Okay, I see what is going on here now. That makes sense. That’s definitely good info to know, thank you!

Yeah, its a bit hard to explain because of all of the dwell periods it goes through. It pulses 80ms every 2 seconds for 4 times (~130Apk), then dwells like 5 seconds, does another set of 4 pulses, dwells for 10 seconds, turns on constantly for about 30s (so only pulling 8Arms at this time), dwells 20s again, turns on for 30s again (again 8Arms), dwells 10s, and restarts the process.

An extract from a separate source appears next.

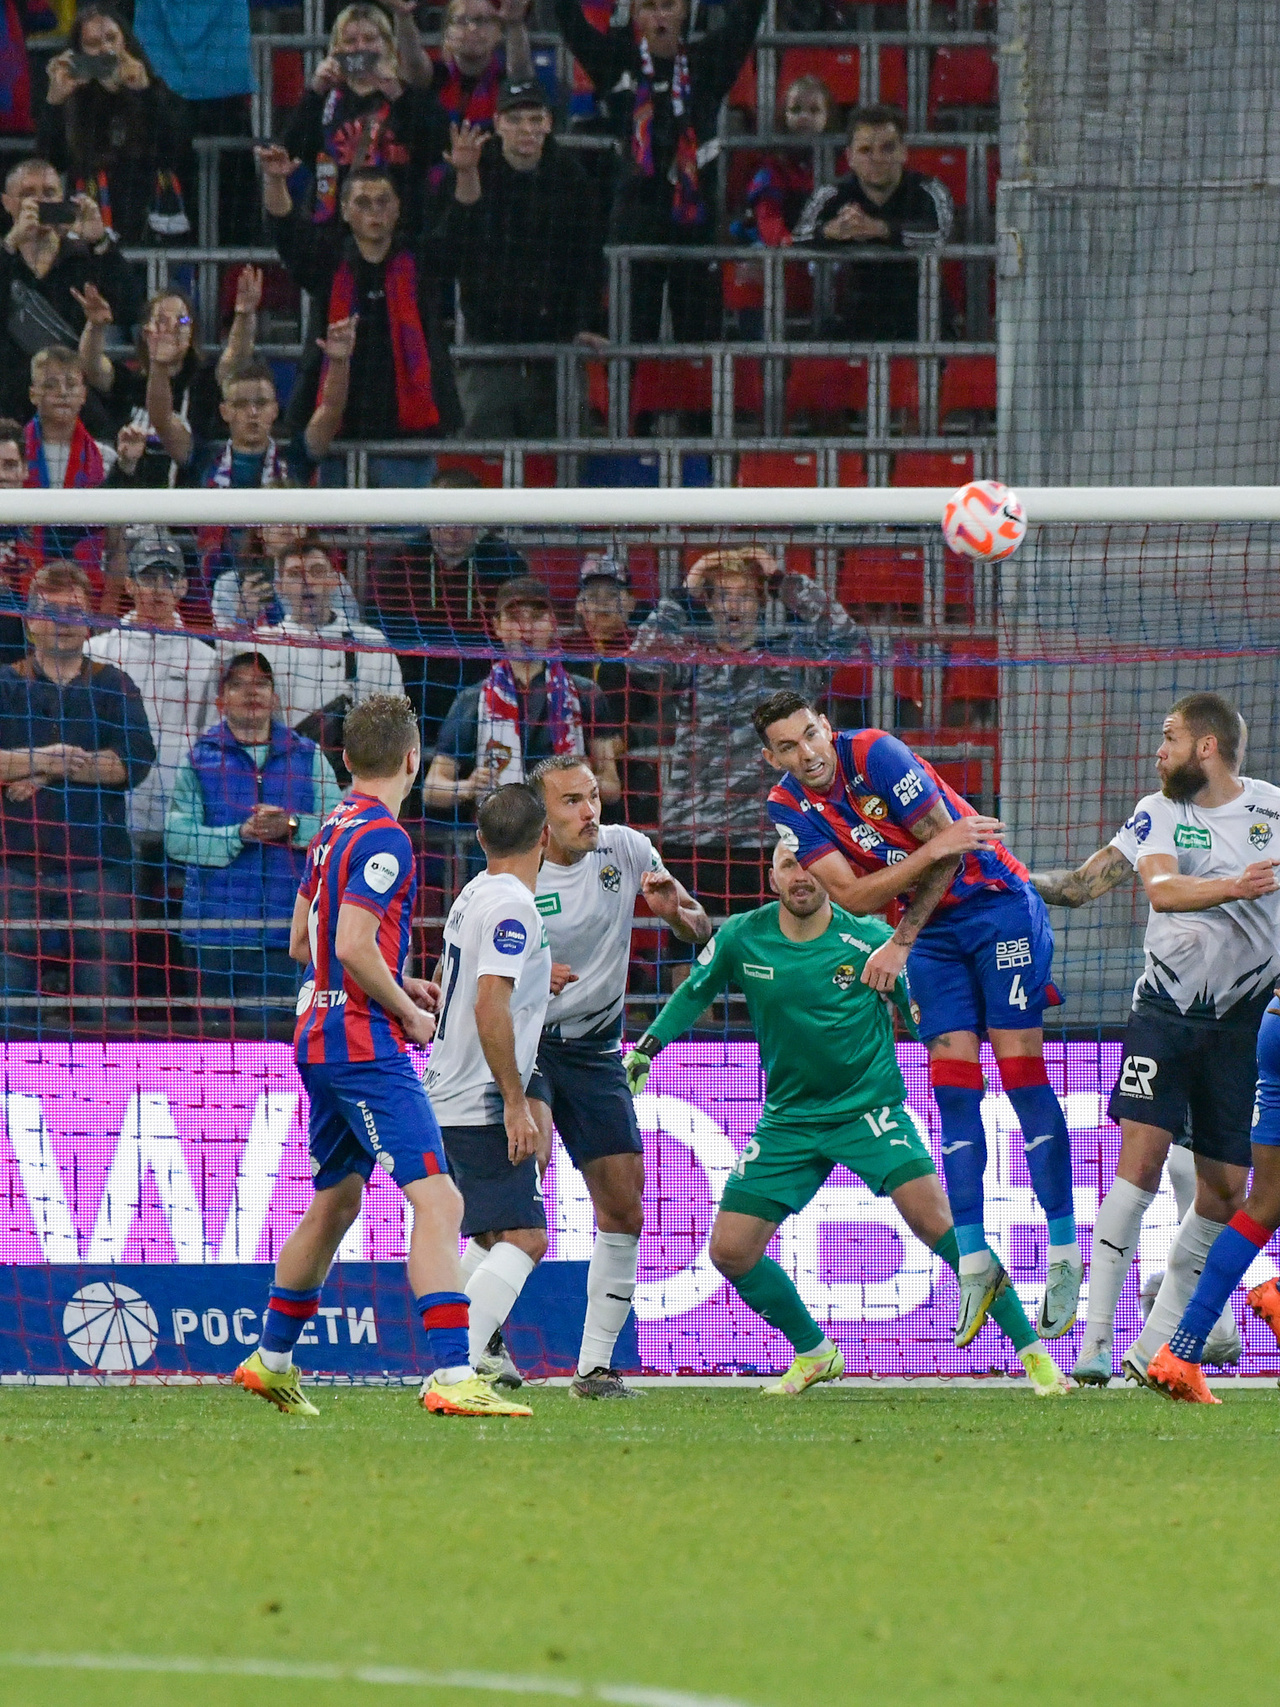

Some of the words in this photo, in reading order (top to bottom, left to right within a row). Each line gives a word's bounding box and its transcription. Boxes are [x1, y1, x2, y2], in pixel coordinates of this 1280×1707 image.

So this circuit is 400VAC 60Hz 3Ph… dV/dt seems to work out to 0.137v/us which is much less than 500V/us. di/dt works out to 0.031A/us which is also much less than 50A/us. Off state voltage is 400Vrms, so ~565Vpk which is also less than 1600Vpk rating. I think we should be good there. Only question is, can the SSR handle reverse voltage applied to the outputs? So we have a pair of contactors per motor, one for forward and one with two leads swapped to be in reverse so when the first relay is not active but the second one in the pair is active, the first one is seeing a reverse voltage. That would still be less than 1600Vpk though. Will this be okay?

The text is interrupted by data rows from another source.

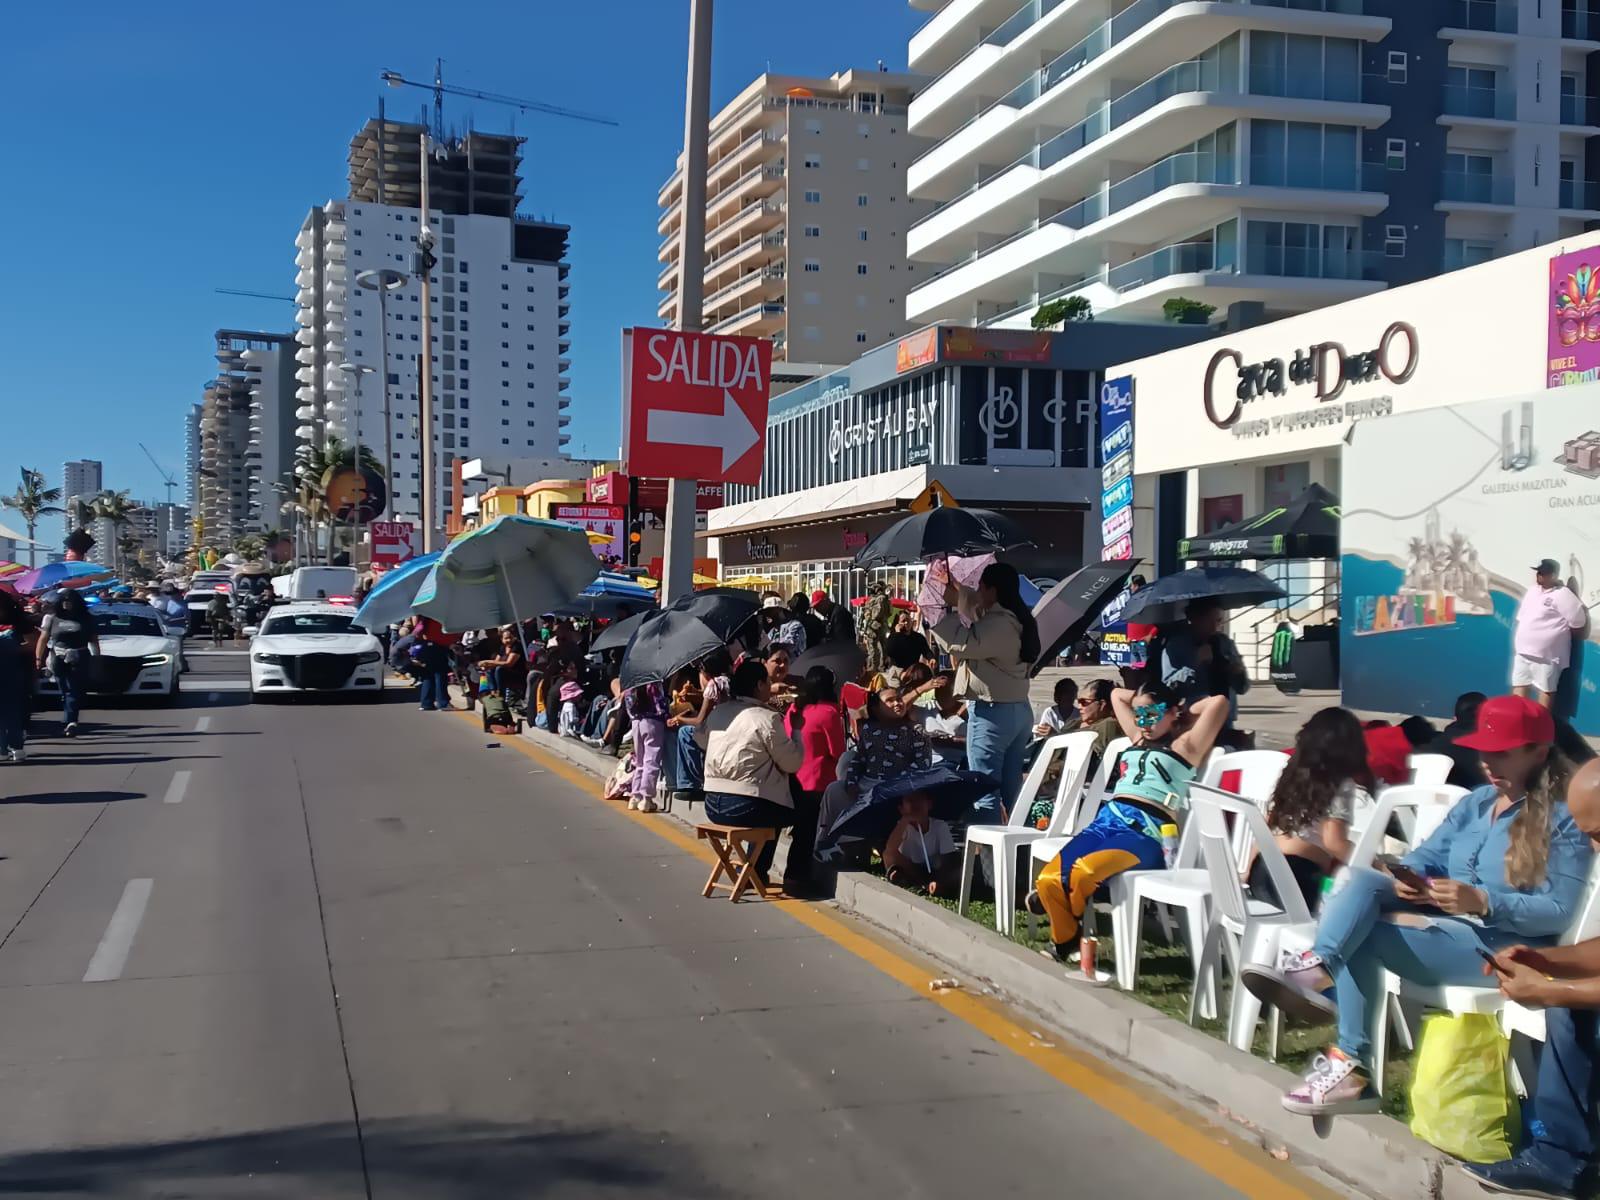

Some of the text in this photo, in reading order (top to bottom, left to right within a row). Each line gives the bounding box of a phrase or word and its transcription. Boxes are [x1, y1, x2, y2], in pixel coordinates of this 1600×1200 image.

[647, 334, 763, 391] SALIDA
[1204, 348, 1288, 430] Cava
[845, 400, 938, 448] CRISTAL BAY
[696, 486, 722, 497] AFFE
[374, 523, 411, 537] SALIDA
[1209, 539, 1249, 551] MONSTER
[1081, 575, 1112, 600] NICE

I am thinking this will not be terribly important in this scenario since the current mechanical contactors take a certain amount of time to physically move and close the contacts, though I don’t know what that time is I would assume a few milliseconds. Also, the nature of this quick pulse is just to bump the motors in a direction, so the timing is not critical. We can adjust the pulse width if necessary to account for this though if needed.

Again not a problem, small leakage current is acceptable and we have separate safety disconnects on this machine.

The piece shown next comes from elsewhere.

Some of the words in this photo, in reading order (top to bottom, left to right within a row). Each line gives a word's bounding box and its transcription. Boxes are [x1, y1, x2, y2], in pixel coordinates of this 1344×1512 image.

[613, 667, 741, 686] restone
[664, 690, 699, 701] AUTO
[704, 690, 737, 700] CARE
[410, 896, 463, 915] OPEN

If I did math right, The average rms amperage over the duration of a sample pulse we measured is 59Arms for a duration of 0.06s. Plugging that into your equation gives 59A*(1V+0.002Ω*59A)=66W, or 3.96J for 0.06s duration. So average power until the next pulse would be roughly 2W, and using our best case heat sink with a value of 0.55C/W we get 1.1C temp rise which is great. Even considering absolute worst case here of 66W continuous, that gives a temp rise of 36.3C + 30Cambient = 66.3C which is still within allowable limits. So we should be perfectly fine using this SSR, sound correct-ish?

So one thing I read in the link to the thermal calculations you attached earlier was the breakdown and degradation of the thermal junctions, increasing thermal resistance. Is that something we will need to worry about with this type of device also? Of is that specific to the type of device referenced in your attachment?